_Problem to work on:_
Drop the pictures, then repeat every record exactly as it stands.

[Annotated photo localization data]
Content starts

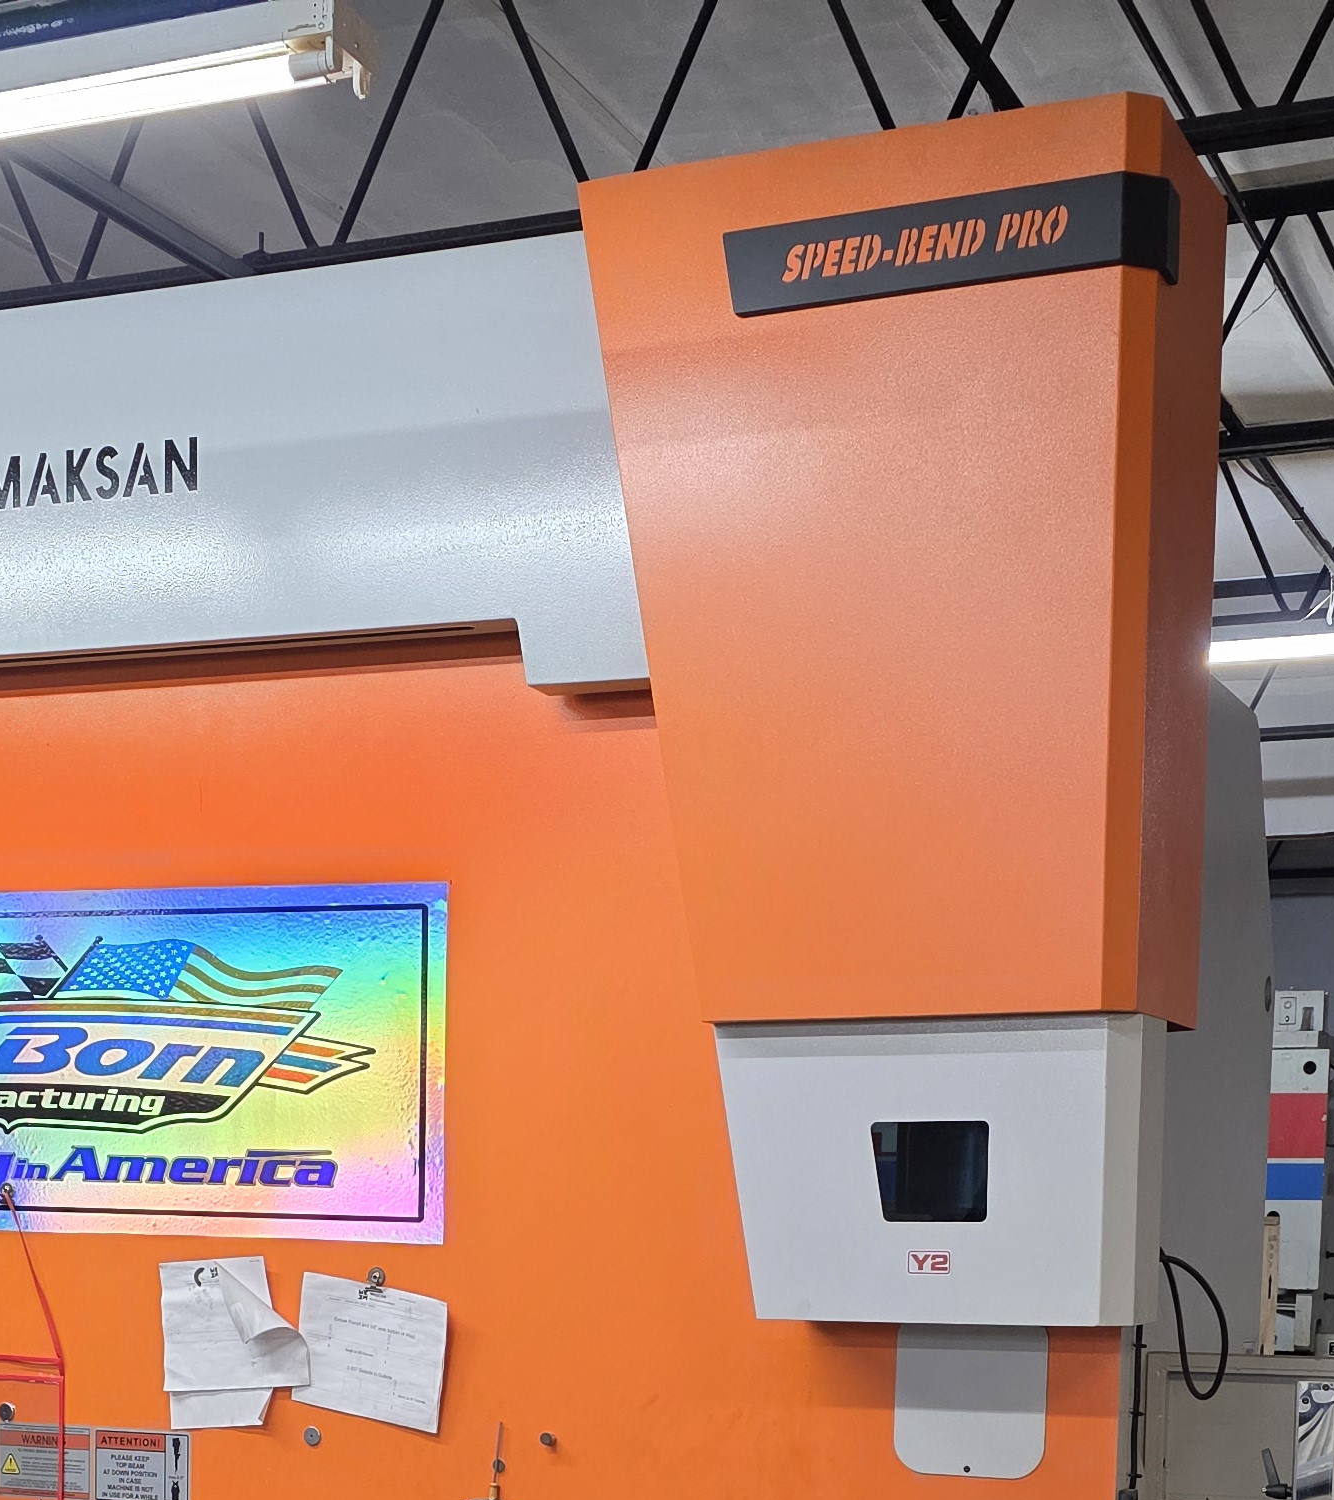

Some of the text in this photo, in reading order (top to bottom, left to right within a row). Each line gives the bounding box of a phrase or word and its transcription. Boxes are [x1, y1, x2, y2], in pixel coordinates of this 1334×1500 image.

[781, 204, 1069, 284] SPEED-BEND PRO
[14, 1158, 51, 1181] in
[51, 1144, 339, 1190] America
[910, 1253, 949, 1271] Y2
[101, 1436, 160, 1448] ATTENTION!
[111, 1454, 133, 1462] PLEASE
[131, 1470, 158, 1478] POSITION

Content ends

_Output below:_
Some of the text in this photo, in reading order (top to bottom, left to right within a row). Each line gives the bounding box of a phrase or word and its transcription. Boxes are [x1, y1, x2, y2], in pixel coordinates of this 1334×1500 image.

[781, 204, 1069, 284] SPEED-BEND PRO
[14, 1158, 51, 1181] in
[51, 1144, 339, 1190] America
[910, 1253, 949, 1271] Y2
[101, 1436, 160, 1448] ATTENTION!
[111, 1454, 133, 1462] PLEASE
[131, 1470, 158, 1478] POSITION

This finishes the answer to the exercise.